--- Problem ---
Return each record shown below exactly, with none omitted.

[[ Input records, beginning ]]

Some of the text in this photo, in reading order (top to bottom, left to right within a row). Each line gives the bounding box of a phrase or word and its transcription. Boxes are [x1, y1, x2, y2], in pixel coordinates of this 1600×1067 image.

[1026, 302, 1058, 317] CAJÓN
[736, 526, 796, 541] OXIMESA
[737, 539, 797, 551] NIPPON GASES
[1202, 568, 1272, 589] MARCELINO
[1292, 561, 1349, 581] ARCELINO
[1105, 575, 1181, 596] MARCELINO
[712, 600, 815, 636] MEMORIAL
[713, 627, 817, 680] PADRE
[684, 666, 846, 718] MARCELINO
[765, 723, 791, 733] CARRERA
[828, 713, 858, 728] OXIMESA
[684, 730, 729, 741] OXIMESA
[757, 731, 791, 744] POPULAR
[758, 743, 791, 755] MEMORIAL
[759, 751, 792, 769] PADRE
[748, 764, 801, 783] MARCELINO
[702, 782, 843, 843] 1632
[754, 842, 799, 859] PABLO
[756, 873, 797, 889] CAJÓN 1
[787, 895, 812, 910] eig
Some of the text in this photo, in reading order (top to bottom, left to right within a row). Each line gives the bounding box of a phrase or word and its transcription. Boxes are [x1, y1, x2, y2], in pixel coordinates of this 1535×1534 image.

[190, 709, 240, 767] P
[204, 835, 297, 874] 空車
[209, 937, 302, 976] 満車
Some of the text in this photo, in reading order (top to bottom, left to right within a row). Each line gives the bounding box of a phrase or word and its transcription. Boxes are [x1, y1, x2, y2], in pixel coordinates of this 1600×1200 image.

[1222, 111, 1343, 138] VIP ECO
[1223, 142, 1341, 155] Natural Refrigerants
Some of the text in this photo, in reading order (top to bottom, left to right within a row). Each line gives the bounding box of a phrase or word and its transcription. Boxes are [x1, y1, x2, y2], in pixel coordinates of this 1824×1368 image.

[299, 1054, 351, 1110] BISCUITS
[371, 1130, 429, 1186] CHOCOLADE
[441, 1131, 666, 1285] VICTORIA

[[ Input records, end ]]

--- Result for this exercise ---
Some of the text in this photo, in reading order (top to bottom, left to right within a row). Each line gives the bounding box of a phrase or word and its transcription. Boxes are [x1, y1, x2, y2], in pixel coordinates of this 1600×1067 image.

[1026, 302, 1058, 317] CAJÓN
[736, 526, 796, 541] OXIMESA
[737, 539, 797, 551] NIPPON GASES
[1202, 568, 1272, 589] MARCELINO
[1292, 561, 1349, 581] ARCELINO
[1105, 575, 1181, 596] MARCELINO
[712, 600, 815, 636] MEMORIAL
[713, 627, 817, 680] PADRE
[684, 666, 846, 718] MARCELINO
[765, 723, 791, 733] CARRERA
[828, 713, 858, 728] OXIMESA
[684, 730, 729, 741] OXIMESA
[757, 731, 791, 744] POPULAR
[758, 743, 791, 755] MEMORIAL
[759, 751, 792, 769] PADRE
[748, 764, 801, 783] MARCELINO
[702, 782, 843, 843] 1632
[754, 842, 799, 859] PABLO
[756, 873, 797, 889] CAJÓN 1
[787, 895, 812, 910] eig
Some of the text in this photo, in reading order (top to bottom, left to right within a row). Each line gives the bounding box of a phrase or word and its transcription. Boxes are [x1, y1, x2, y2], in pixel coordinates of this 1535×1534 image.

[190, 709, 240, 767] P
[204, 835, 297, 874] 空車
[209, 937, 302, 976] 満車
Some of the text in this photo, in reading order (top to bottom, left to right within a row). Each line gives the bounding box of a phrase or word and its transcription. Boxes are [x1, y1, x2, y2], in pixel coordinates of this 1600×1200 image.

[1222, 111, 1343, 138] VIP ECO
[1223, 142, 1341, 155] Natural Refrigerants
Some of the text in this photo, in reading order (top to bottom, left to right within a row). Each line gives the bounding box of a phrase or word and its transcription. Boxes are [x1, y1, x2, y2], in pixel coordinates of this 1824×1368 image.

[299, 1054, 351, 1110] BISCUITS
[371, 1130, 429, 1186] CHOCOLADE
[441, 1131, 666, 1285] VICTORIA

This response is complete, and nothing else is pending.